▶ TASK BRIEF: Reproduce each record below in full, word for word, without images.

▶ TASK INPUTS:
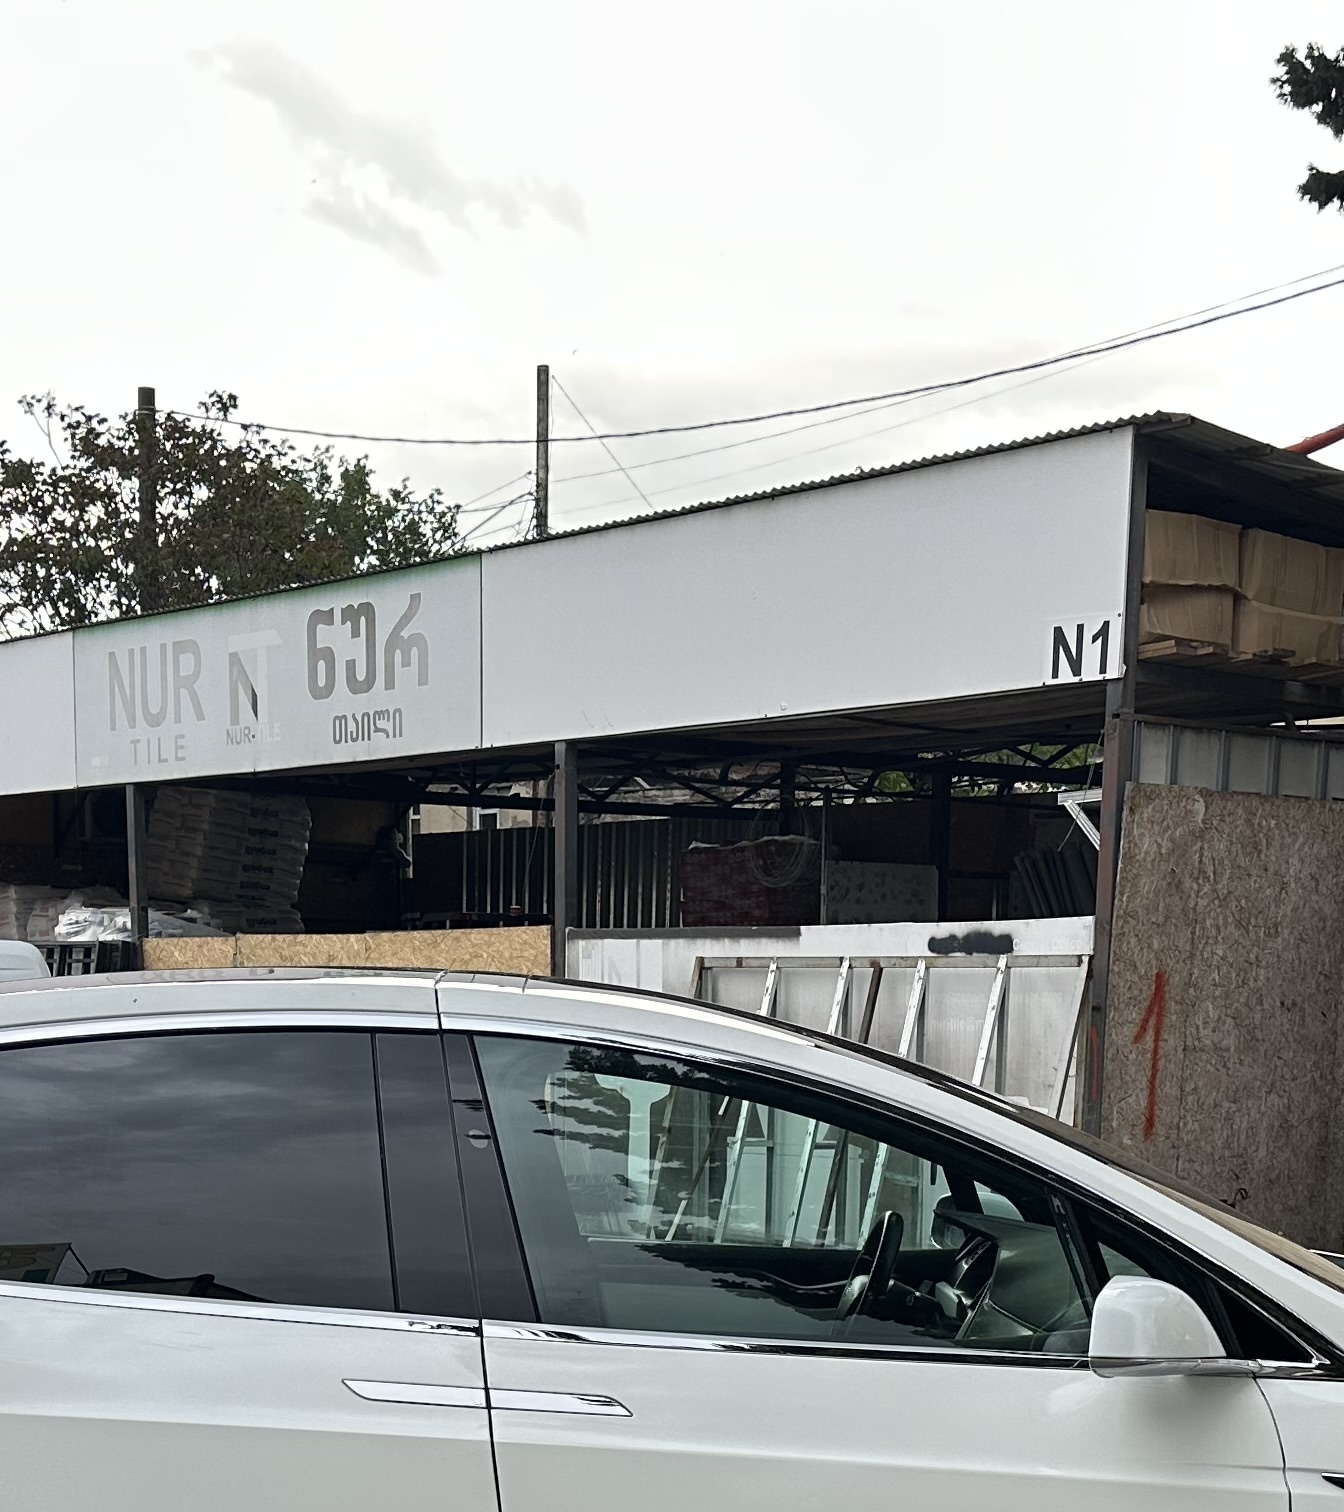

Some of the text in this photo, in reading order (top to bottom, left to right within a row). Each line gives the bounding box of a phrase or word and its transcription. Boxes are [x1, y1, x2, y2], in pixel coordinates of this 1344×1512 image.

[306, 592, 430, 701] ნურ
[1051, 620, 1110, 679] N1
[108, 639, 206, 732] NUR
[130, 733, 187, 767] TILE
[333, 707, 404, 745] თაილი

▶ OUTPUT OF THE TASK:
Some of the text in this photo, in reading order (top to bottom, left to right within a row). Each line gives the bounding box of a phrase or word and its transcription. Boxes are [x1, y1, x2, y2], in pixel coordinates of this 1344×1512 image.

[306, 592, 430, 701] ნურ
[1051, 620, 1110, 679] N1
[108, 639, 206, 732] NUR
[130, 733, 187, 767] TILE
[333, 707, 404, 745] თაილი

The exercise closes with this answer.